● **What is required**
I'd like every entry returned exactly as it is, with the images left out.
======== Records to use
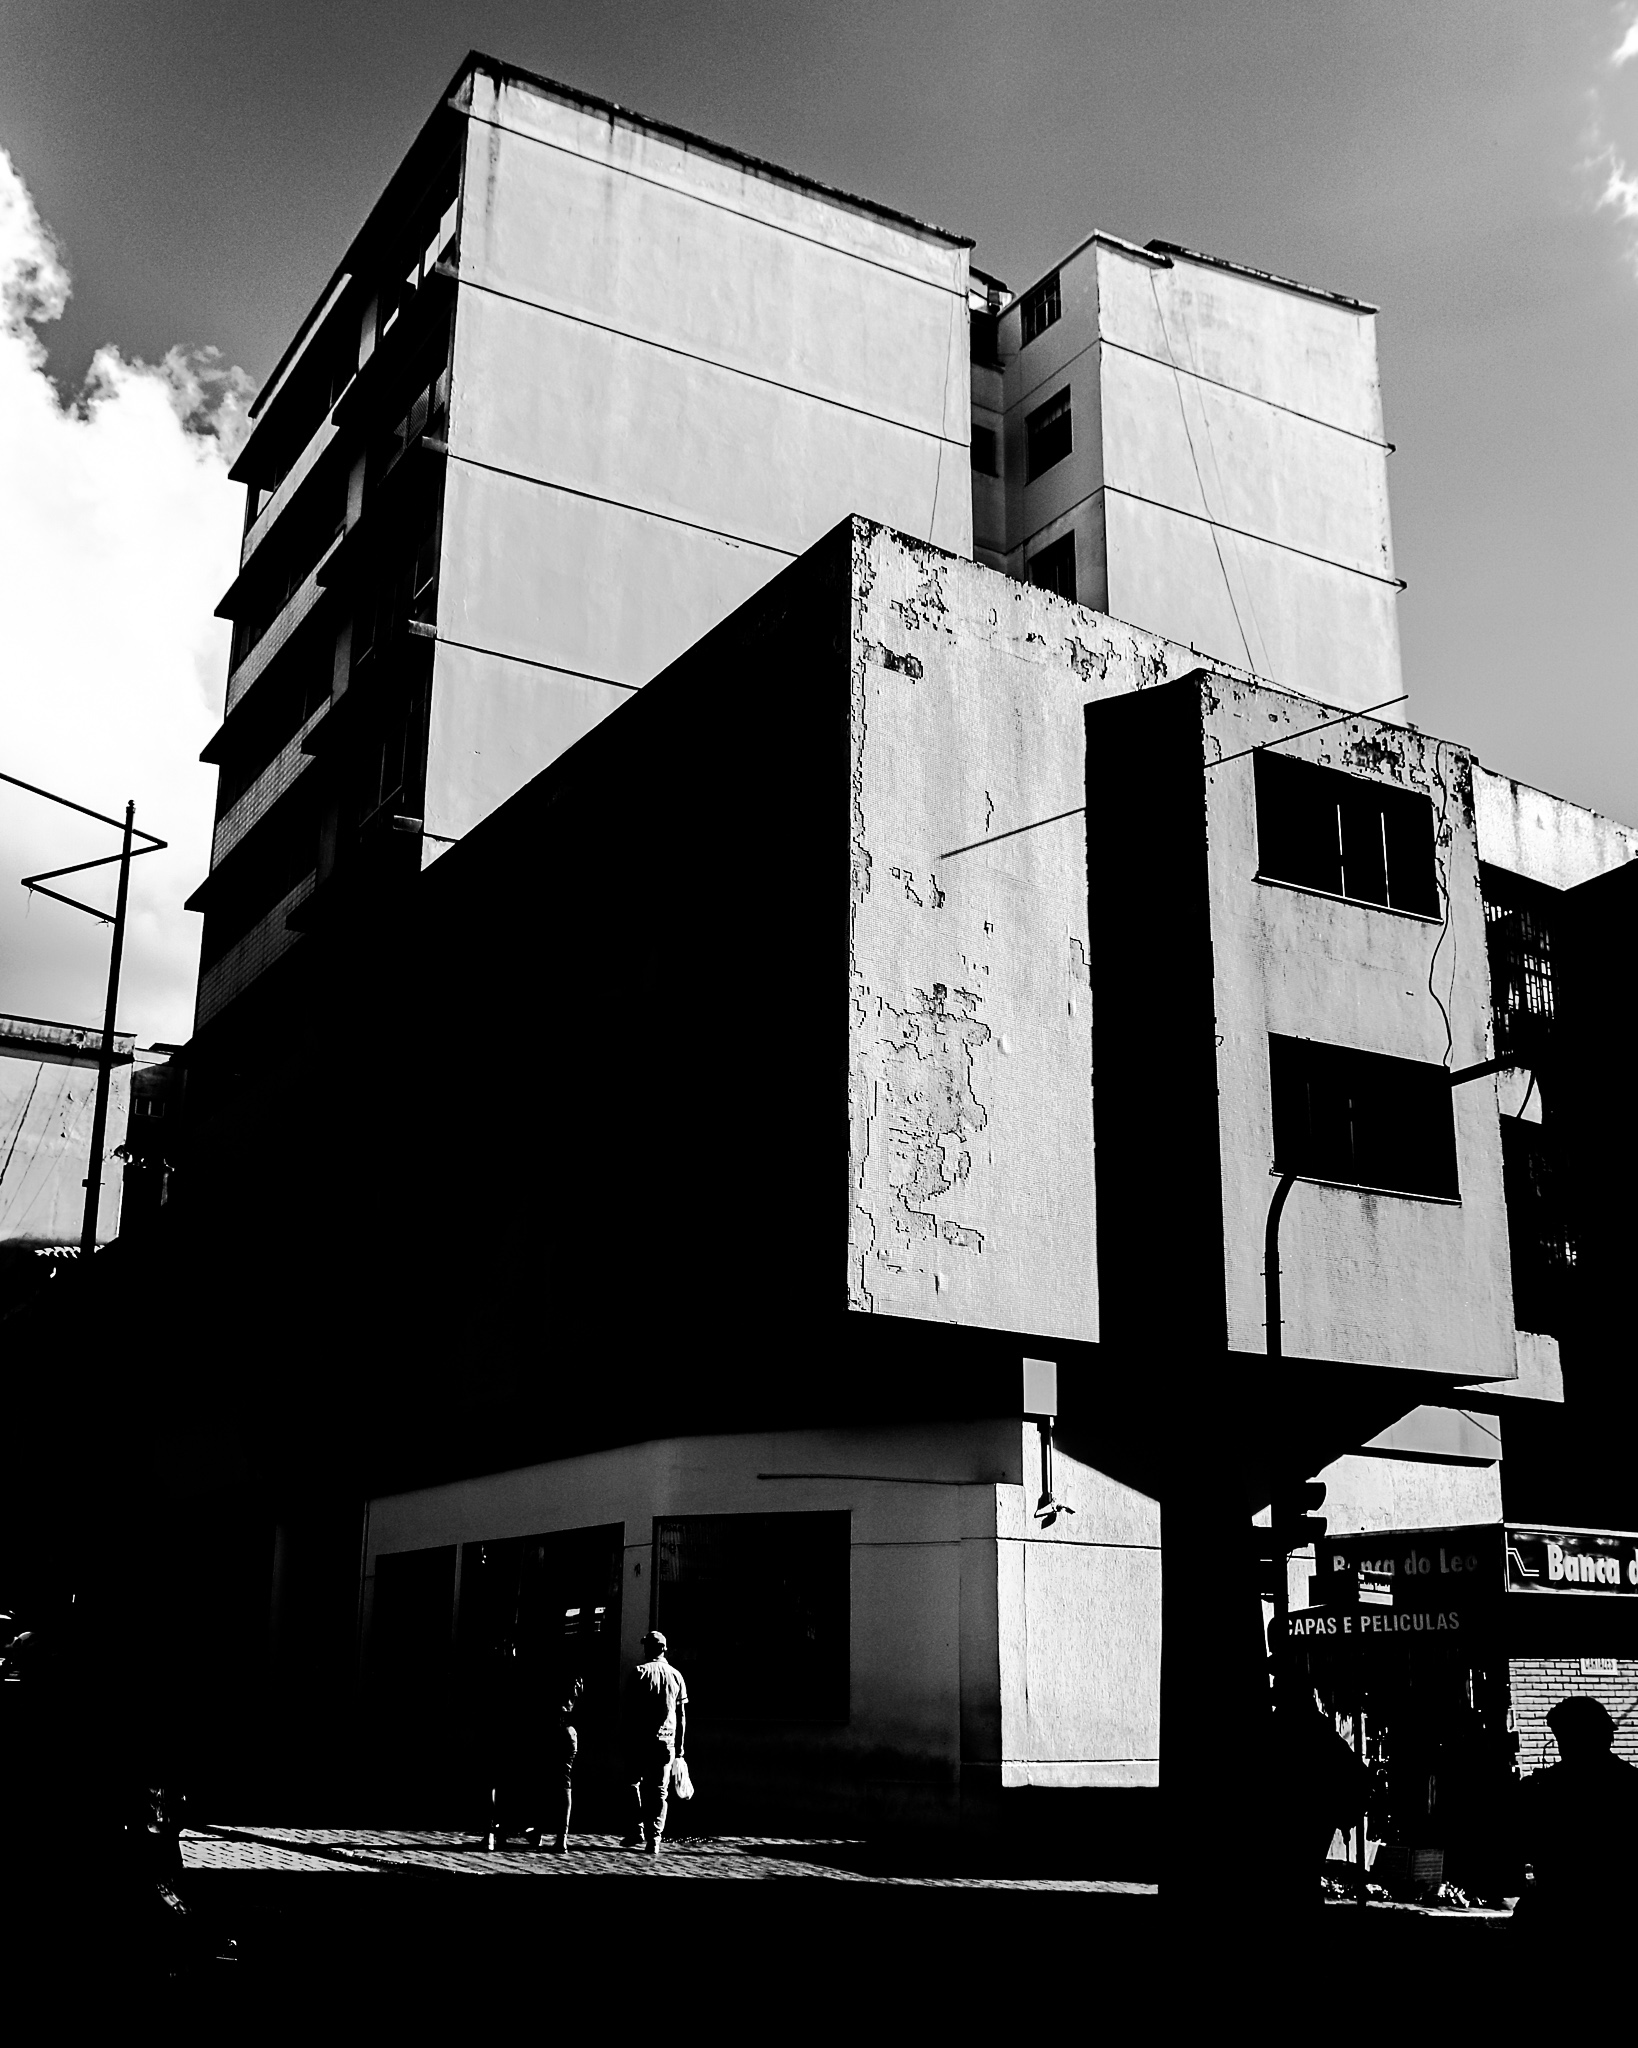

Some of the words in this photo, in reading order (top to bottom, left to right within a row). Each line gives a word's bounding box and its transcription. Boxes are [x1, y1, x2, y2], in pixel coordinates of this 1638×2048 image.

[1404, 1548, 1431, 1575] do
[1439, 1547, 1478, 1574] Leo
[1547, 1544, 1620, 1585] Banca
[1343, 1616, 1353, 1634] E
[1360, 1611, 1460, 1633] PELICULAS
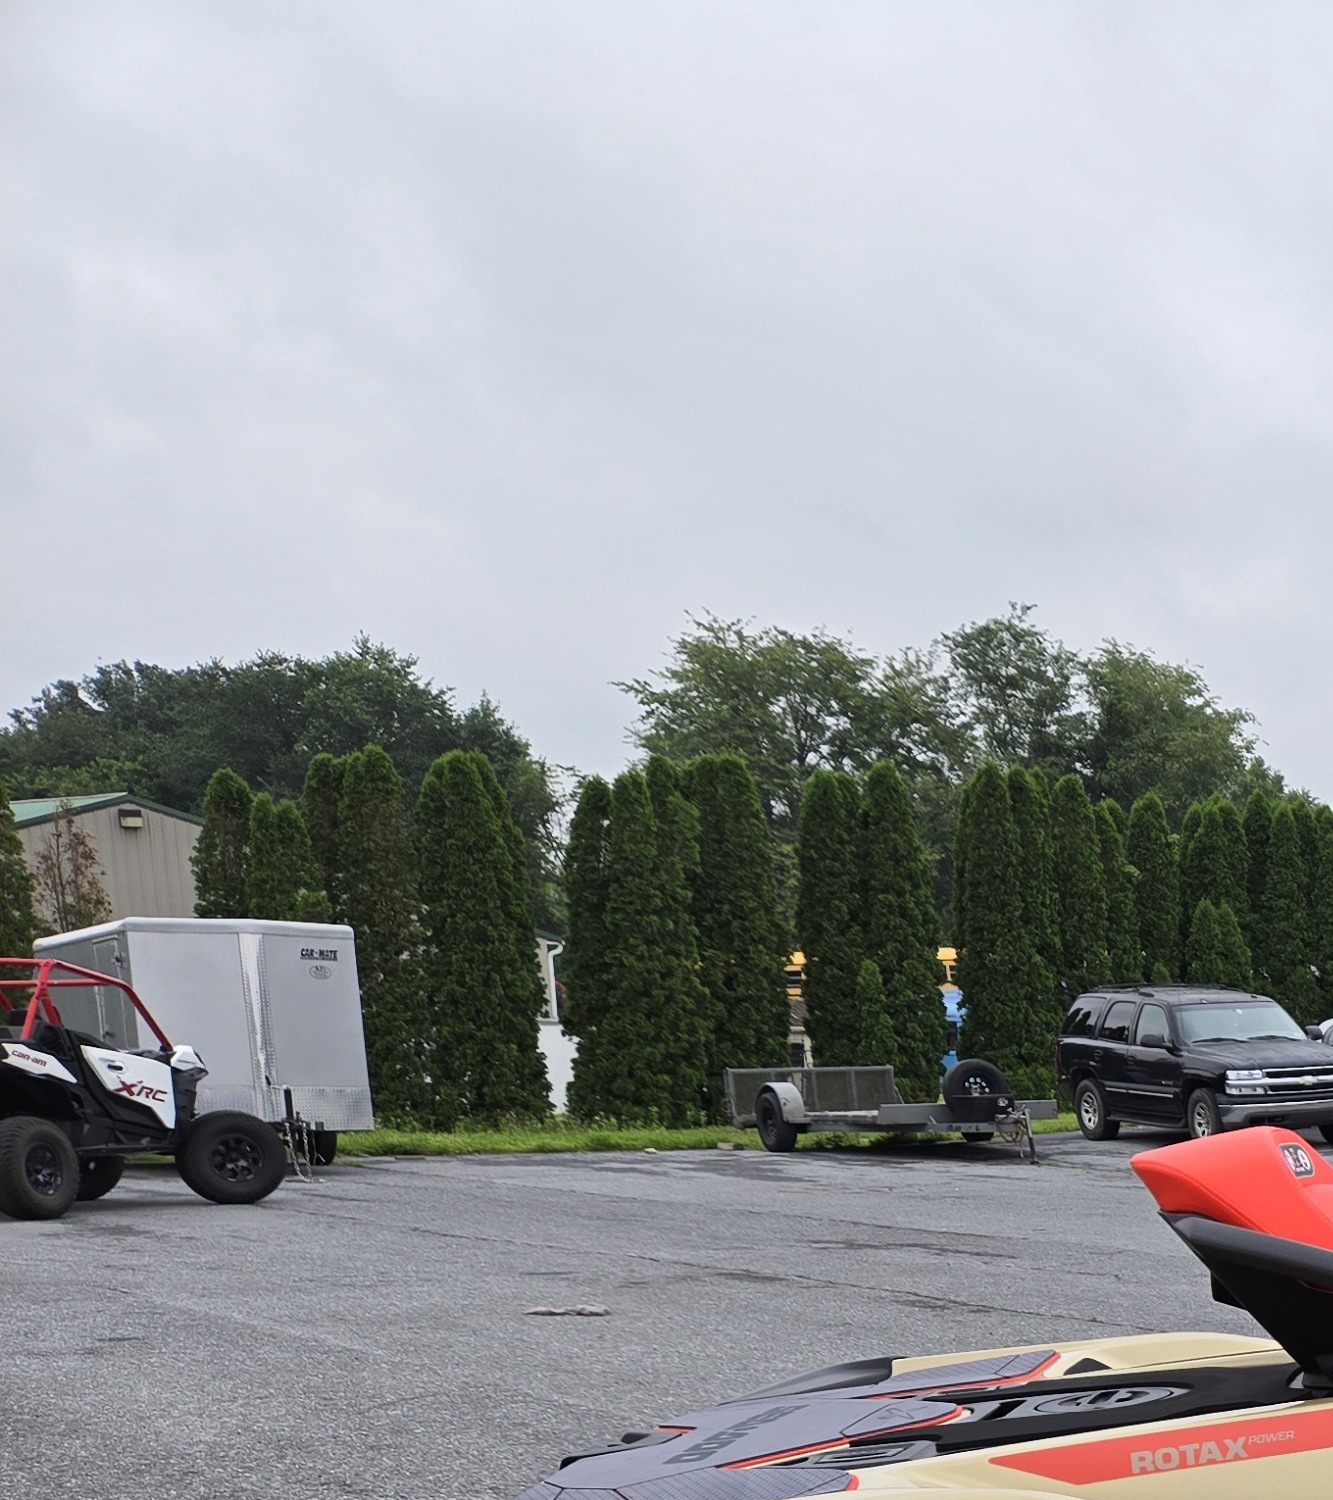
================
● **Solution below**
Some of the words in this photo, in reading order (top to bottom, left to right within a row). Each line gives a word's bounding box and its transcription. Boxes are [x1, y1, x2, y2], in pixel coordinates of this 1638×2048 image.

[1404, 1548, 1431, 1575] do
[1439, 1547, 1478, 1574] Leo
[1547, 1544, 1620, 1585] Banca
[1343, 1616, 1353, 1634] E
[1360, 1611, 1460, 1633] PELICULAS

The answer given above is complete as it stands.